UNITED STATES DISTRICT COURT EASTERN DISTRICT OF NEW YORK ---------------------------------------------------------------X YONAH ROTHMAN,
Plaintiff, MEMORANDUM AND ORDER 22-CV-2821-SJB-ST v.
COMPLETE PACKAGING & SHIPPING SUPPLIES, INC. and MITCHELL MANKOSA,
Defendants. ---------------------------------------------------------------X
COMPLETE PACKAGING & SHIPPING SUPPLIES, INC.,
Third-Party Plaintiff,
v.
ARCH INSURANCE COMPANY,
Third-Party Defendant.
---------------------------------------------------------------X BULSARA, United States District Judge:
The Court previously dismissed the Third-Party Complaint of Complete Packaging & Shipping Supplies, Inc. (“Complete”) seeking defense and indemnity against Arch Insurance Company (“Arch”). Although the underlying claims continue to be litigated, Complete seeks entry of a partial judgment so that it can appeal the dismissal order. (Mem. of Law in Supp. of Mot. for Certificate of Finality dated Feb. 5, 2025 (“Rule 54(b) Mot.”), Dkt. No. 111). For the reasons that follow, the motion— brought pursuant to Federal Rule 54(b)—is denied. Yonah Rothman commenced the underlying action (the “Rothman Action”) on May 13, 2022, against Complete and Mitchell Mankosa (collectively, “Defendants”). (Compl. dated May 13, 2022, Dkt. No. 1). Rothman alleges employment discrimination,
underpayment, and wrongful termination by Defendants in violation of Title VII of the Civil Rights Act of 1964, the New York Labor Law, and the New York State Human Rights Law. (Second Am. Compl. dated Aug. 31, 2023 (“Rothman Compl.”), Dkt. No. 60 ¶¶ 59–95). Rothman contends he was retaliated against due in part to his participation in a separate employment discrimination case brought by a different Complete employee, Joan Wunk (the “Wunk Action”). (Id. ¶¶ 19–35, 49–51, 71–73, 77–
78). Complete filed a Third-Party Complaint against Arch, seeking defense and indemnification in the Rothman Action based on an insurance policy between them (the “Policy”).1 (Third-Party Compl. dated May 10, 2023 (“TPC”), Dkt. No. 41 at 4). The Policy provides coverage to Complete for conduct between December 5, 2021, to December 5, 2022. (Arch-Complete Insurance Policy dated Dec. 7, 2021, attached as Ex.
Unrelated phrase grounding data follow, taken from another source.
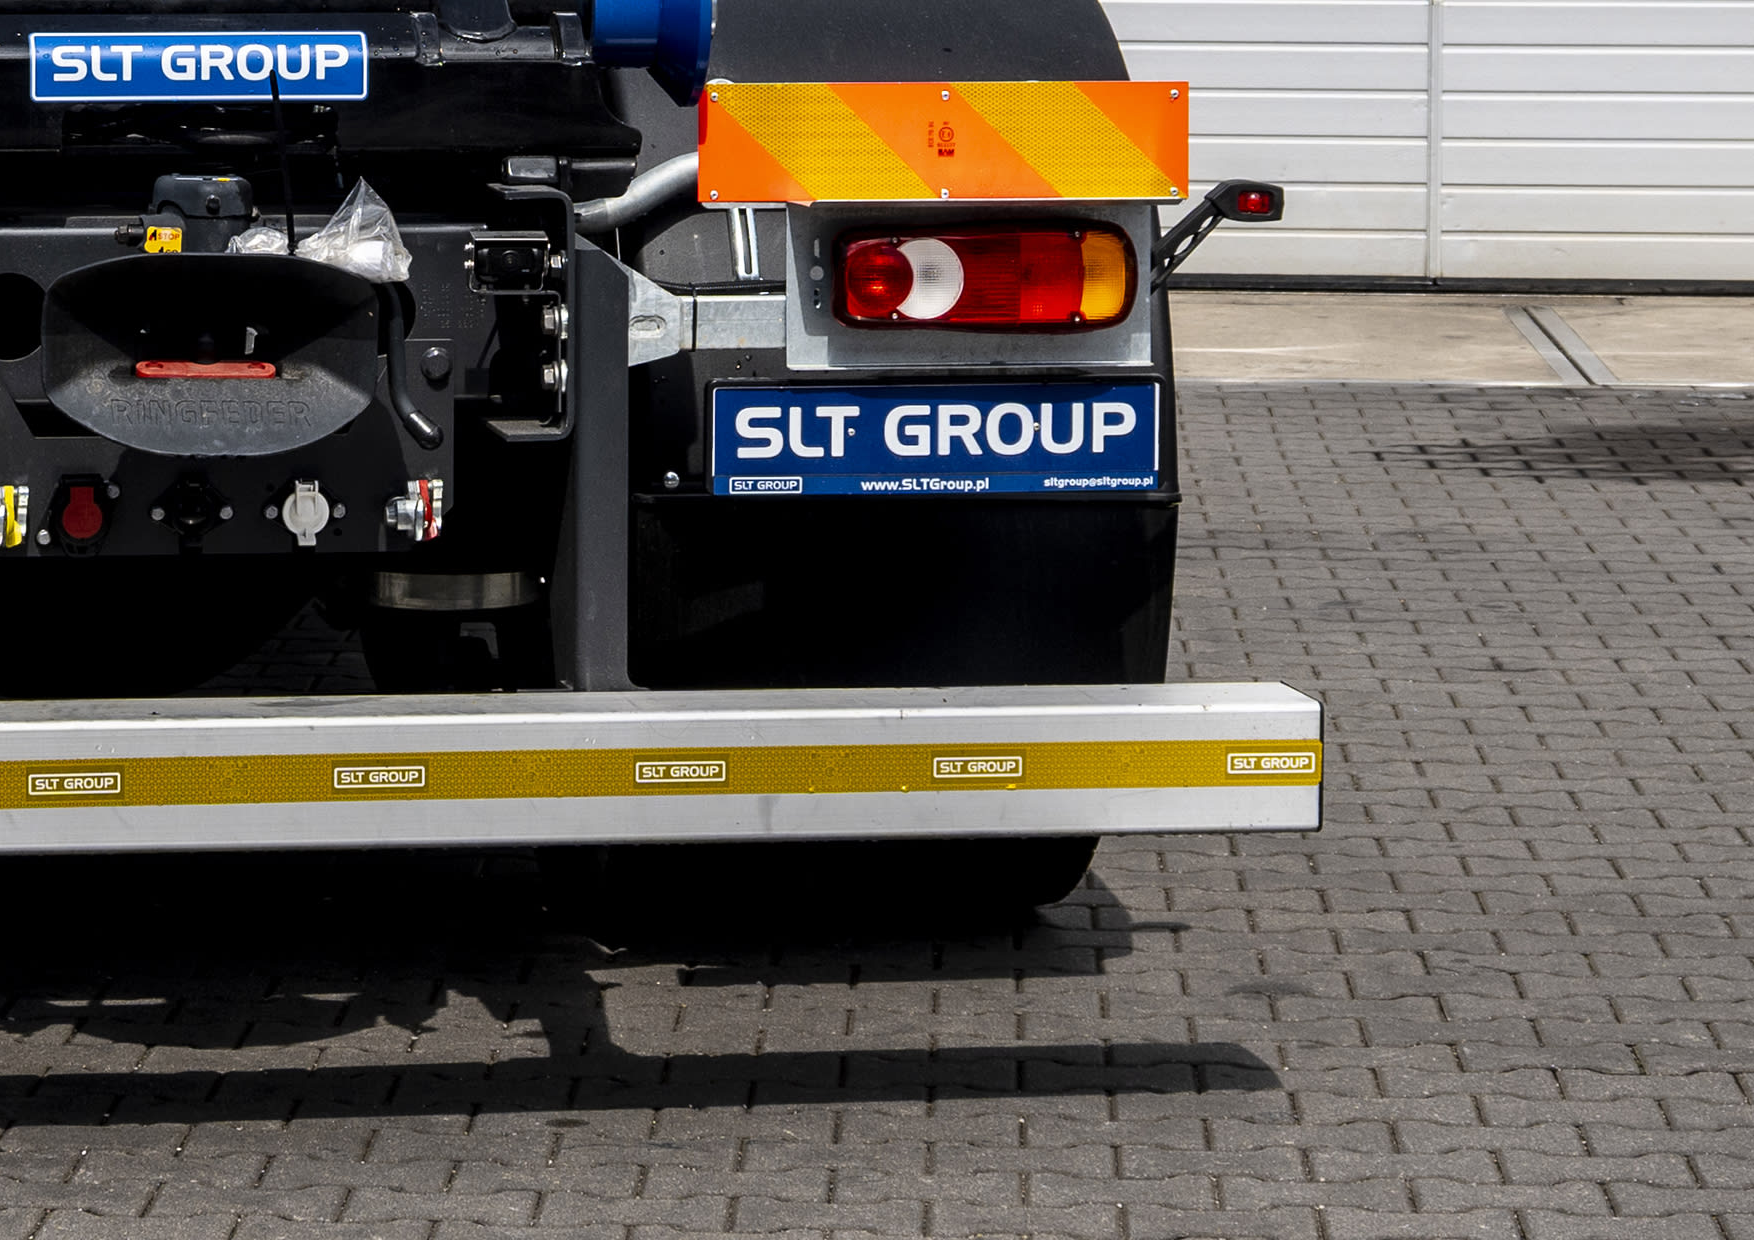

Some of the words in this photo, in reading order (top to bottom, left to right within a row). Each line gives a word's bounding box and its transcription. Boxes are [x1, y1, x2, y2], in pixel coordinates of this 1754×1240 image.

[51, 44, 144, 82] SLT
[160, 43, 350, 81] GROUP
[158, 232, 180, 241] STOP
[110, 398, 312, 427] RINGFEDER
[734, 406, 860, 459] SLT
[883, 402, 1137, 457] GROUP
[733, 480, 754, 491] SLT
[756, 480, 798, 491] GROUP
[860, 477, 990, 492] www.SLTGroup.pl
[1043, 475, 1154, 489] sltgroup@sltgroup.pl
[939, 761, 964, 773] SLT
[967, 761, 1016, 773] GROUP
[1233, 757, 1257, 770] SLT
[1260, 756, 1310, 770] GROUP
[340, 771, 365, 784] SLT
[368, 770, 419, 783] GROUP
[642, 766, 666, 778] SLT
[670, 765, 719, 777] GROUP
[35, 778, 60, 790] SLT
[63, 777, 114, 790] GROUP
C to TPC, Dkt. No. 41-3 at 1).
The Policy also contains an “interrelated claims” provision that provides that all claims arising from the same facts are considered a single claim, and deemed to have been brought on the date of the earlier claim. (Id. at 13 (General Provisions § 10)); Complete Packaging & Shipping Supplies, Inc. v. Arch Ins. Co., No. 22-CV-2821, 2024 WL
1 Arch Insurance Company was substituted as Third-Party Defendant for Arch Insurance Group, Inc. (Order dated Aug. 21, 2023). 1679330, at *3 (E.D.N.Y. Apr. 18, 2024). Finding that the Rothman and Wunk Actions arose from the same interrelated acts—the alleged retaliation by Complete against Rothman for his assistance with Wunk’s lawsuit against Complete—Judge Merchant
held that the Rothman and Wunk Actions constituted a single claim made in 2020, outside of the Policy’s coverage. Complete, 2024 WL 1679330, at *4. Judge Merchant, therefore, granted Arch’s motion to dismiss. Id. Complete appealed the Arch dismissal to the Second Circuit, which remanded for lack of appellate jurisdiction. (Second Circuit Mandate dated Dec. 6, 2024, Dkt. No. 105). Complete subsequently filed the present motion.2 The case was reassigned to the
undersigned on January 23, 2025. Rule 54(b) “authorizes appeals from certain ‘partial final judgment[s]’ addressing ‘fewer than all parties’ or resolving fewer than ‘all claims.’” Matter of Energetic Tank, Inc., 110 F.4th 131, 147 (2d Cir. 2024) (emphasis omitted) (quoting Scottsdale Ins. Co. v. McGrath, 88 F.4th 369, 376 (2d Cir. 2023)), cert. denied sub nom., Energetic Tank v. United States, No. 24-683, 2025 WL 1287074, at *1 (May 5, 2025). Rule 54(b) provides: When an action presents more than one claim for relief—whether as a claim, counterclaim, crossclaim, or third-party claim—or when multiple parties are involved, the court may direct entry of a final judgment as to one or more, but fewer than all, claims or parties only if the court expressly determines that there is no just reason for delay. Otherwise, any order or other decision, however designated, that adjudicates fewer than all the claims or the rights and liabilities of fewer than all the parties does not end the action as to any of the claims or parties and may be revised at any time before the entry of a judgment adjudicating all the claims and all the parties’ rights and liabilities.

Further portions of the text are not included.